Go through the listing below and reproduce it word for word.
----
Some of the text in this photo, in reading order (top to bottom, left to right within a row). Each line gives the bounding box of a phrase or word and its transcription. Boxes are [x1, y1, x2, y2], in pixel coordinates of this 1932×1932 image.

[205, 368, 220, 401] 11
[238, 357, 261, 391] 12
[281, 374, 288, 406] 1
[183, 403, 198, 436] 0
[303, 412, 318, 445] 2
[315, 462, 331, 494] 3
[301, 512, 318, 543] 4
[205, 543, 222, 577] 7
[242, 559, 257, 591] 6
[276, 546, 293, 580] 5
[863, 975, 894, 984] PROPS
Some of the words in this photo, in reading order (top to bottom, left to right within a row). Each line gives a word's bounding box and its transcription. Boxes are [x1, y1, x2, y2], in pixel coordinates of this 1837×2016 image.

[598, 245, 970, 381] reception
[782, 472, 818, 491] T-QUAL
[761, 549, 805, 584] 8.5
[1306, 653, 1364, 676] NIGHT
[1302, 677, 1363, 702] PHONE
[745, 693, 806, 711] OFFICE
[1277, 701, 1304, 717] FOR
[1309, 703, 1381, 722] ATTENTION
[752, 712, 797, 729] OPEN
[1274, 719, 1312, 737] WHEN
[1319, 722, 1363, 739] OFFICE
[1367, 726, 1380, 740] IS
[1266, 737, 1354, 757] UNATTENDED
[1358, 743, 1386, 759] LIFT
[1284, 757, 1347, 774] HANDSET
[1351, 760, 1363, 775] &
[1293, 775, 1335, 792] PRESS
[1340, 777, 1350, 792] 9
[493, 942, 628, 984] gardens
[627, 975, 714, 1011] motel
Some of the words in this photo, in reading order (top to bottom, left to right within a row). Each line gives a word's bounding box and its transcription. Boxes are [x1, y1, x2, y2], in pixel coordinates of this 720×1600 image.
----
> [Response area]
Some of the text in this photo, in reading order (top to bottom, left to right within a row). Each line gives the bounding box of a phrase or word and its transcription. Boxes are [x1, y1, x2, y2], in pixel coordinates of this 1932×1932 image.

[205, 368, 220, 401] 11
[238, 357, 261, 391] 12
[281, 374, 288, 406] 1
[183, 403, 198, 436] 0
[303, 412, 318, 445] 2
[315, 462, 331, 494] 3
[301, 512, 318, 543] 4
[205, 543, 222, 577] 7
[242, 559, 257, 591] 6
[276, 546, 293, 580] 5
[863, 975, 894, 984] PROPS
Some of the words in this photo, in reading order (top to bottom, left to right within a row). Each line gives a word's bounding box and its transcription. Boxes are [x1, y1, x2, y2], in pixel coordinates of this 1837×2016 image.

[598, 245, 970, 381] reception
[782, 472, 818, 491] T-QUAL
[761, 549, 805, 584] 8.5
[1306, 653, 1364, 676] NIGHT
[1302, 677, 1363, 702] PHONE
[745, 693, 806, 711] OFFICE
[1277, 701, 1304, 717] FOR
[1309, 703, 1381, 722] ATTENTION
[752, 712, 797, 729] OPEN
[1274, 719, 1312, 737] WHEN
[1319, 722, 1363, 739] OFFICE
[1367, 726, 1380, 740] IS
[1266, 737, 1354, 757] UNATTENDED
[1358, 743, 1386, 759] LIFT
[1284, 757, 1347, 774] HANDSET
[1351, 760, 1363, 775] &
[1293, 775, 1335, 792] PRESS
[1340, 777, 1350, 792] 9
[493, 942, 628, 984] gardens
[627, 975, 714, 1011] motel
Some of the words in this photo, in reading order (top to bottom, left to right within a row). Each line gives a word's bounding box and its transcription. Boxes are [x1, y1, x2, y2], in pixel coordinates of this 720×1600 image.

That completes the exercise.